§ **TASK REQUIREMENTS**
The pictures in the data below are to be omitted; all else must be duplicated exactly.

§ **DATA EXCERPTS**
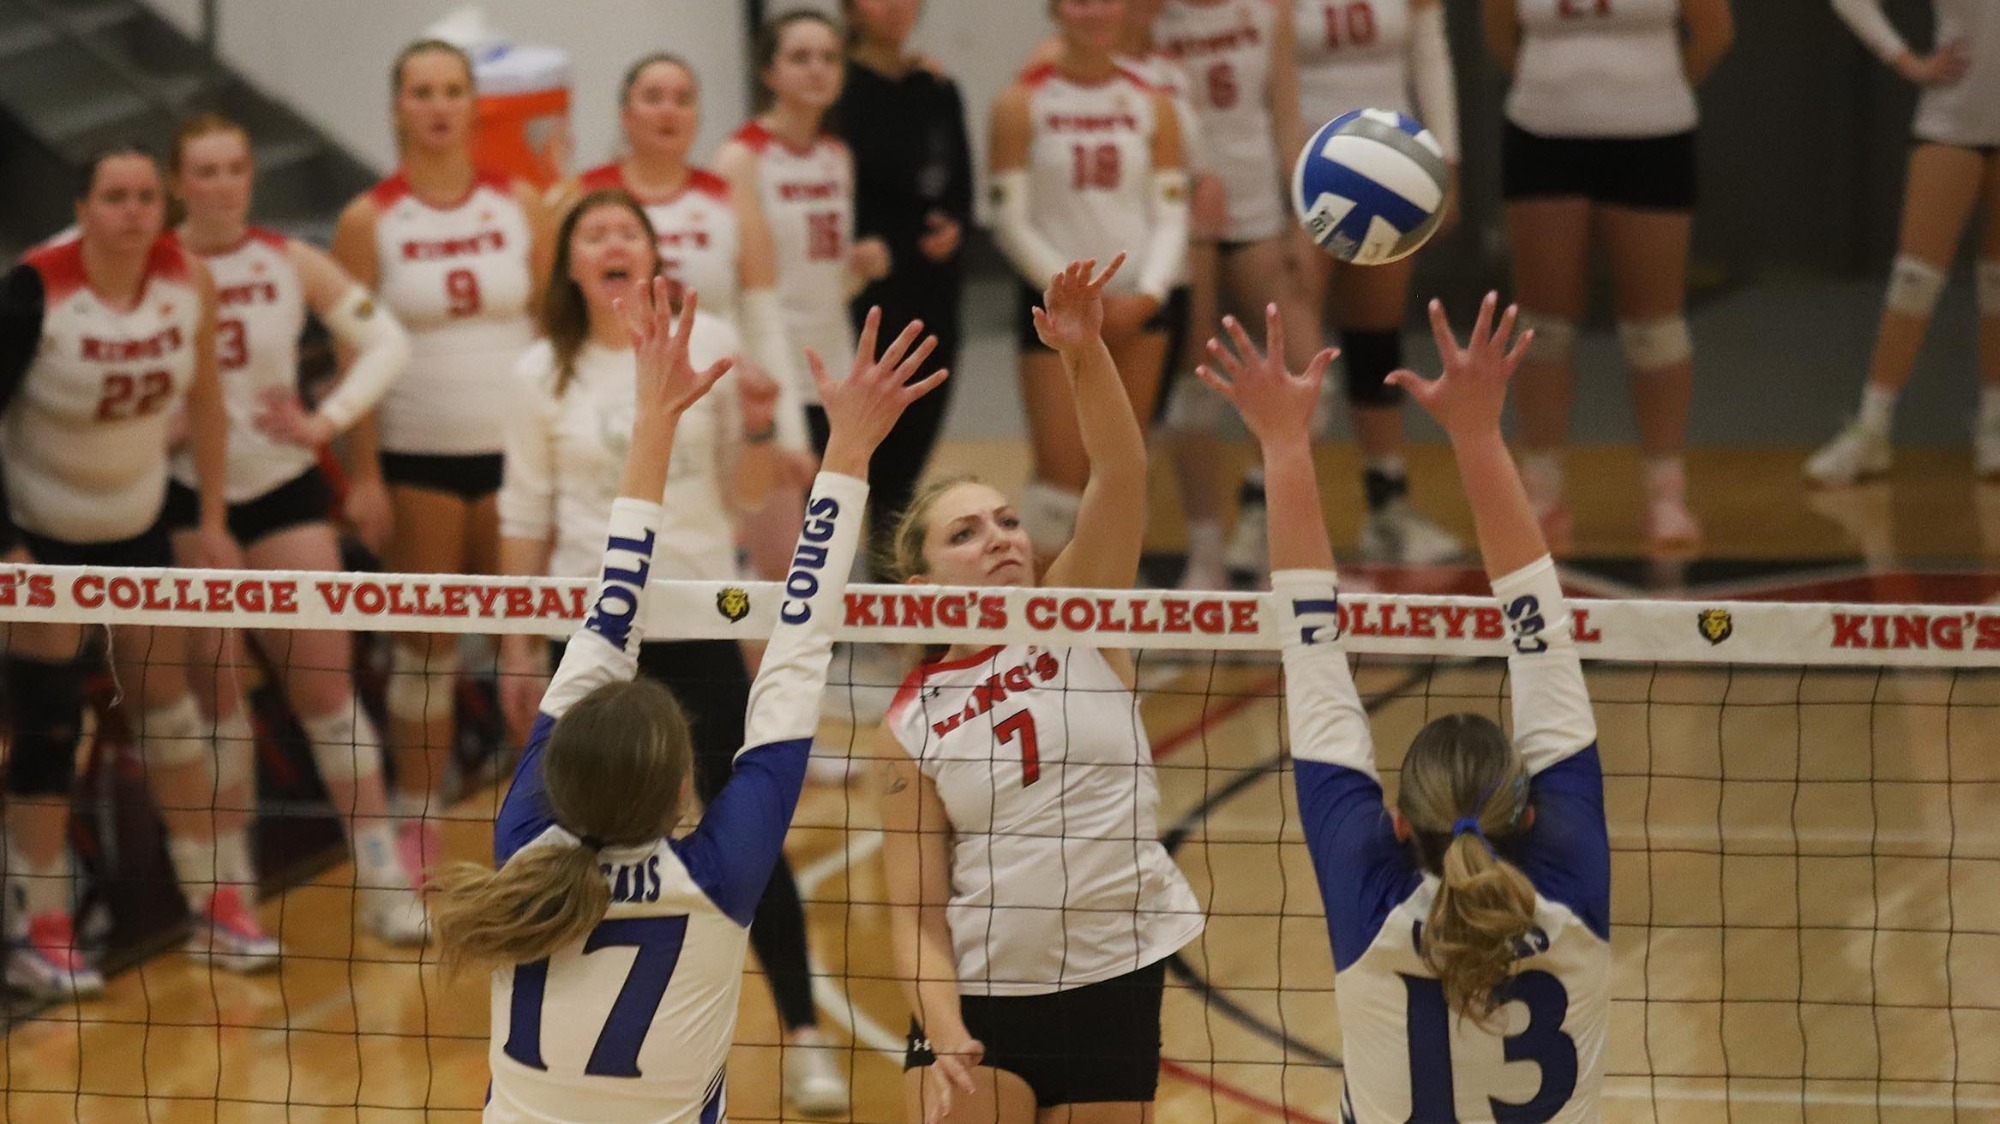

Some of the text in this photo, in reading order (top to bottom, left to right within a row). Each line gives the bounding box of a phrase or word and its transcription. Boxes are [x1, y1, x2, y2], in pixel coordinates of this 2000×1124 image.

[1323, 2, 1377, 49] 10
[445, 268, 483, 319] 9
[95, 369, 174, 422] 22
[780, 496, 840, 626] COUGS
[71, 575, 299, 614] COLLEGE
[842, 591, 1008, 630] KING'S
[1024, 596, 1260, 634] COLLEGE
[1830, 611, 2000, 651] KING'S
[992, 708, 1041, 789] 7
[503, 913, 690, 1078] 17
[1395, 969, 1579, 1124] 13

§ **EXERCISE RESULT**
Some of the text in this photo, in reading order (top to bottom, left to right within a row). Each line gives the bounding box of a phrase or word and its transcription. Boxes are [x1, y1, x2, y2], in pixel coordinates of this 2000×1124 image.

[1323, 2, 1377, 49] 10
[445, 268, 483, 319] 9
[95, 369, 174, 422] 22
[780, 496, 840, 626] COUGS
[71, 575, 299, 614] COLLEGE
[842, 591, 1008, 630] KING'S
[1024, 596, 1260, 634] COLLEGE
[1830, 611, 2000, 651] KING'S
[992, 708, 1041, 789] 7
[503, 913, 690, 1078] 17
[1395, 969, 1579, 1124] 13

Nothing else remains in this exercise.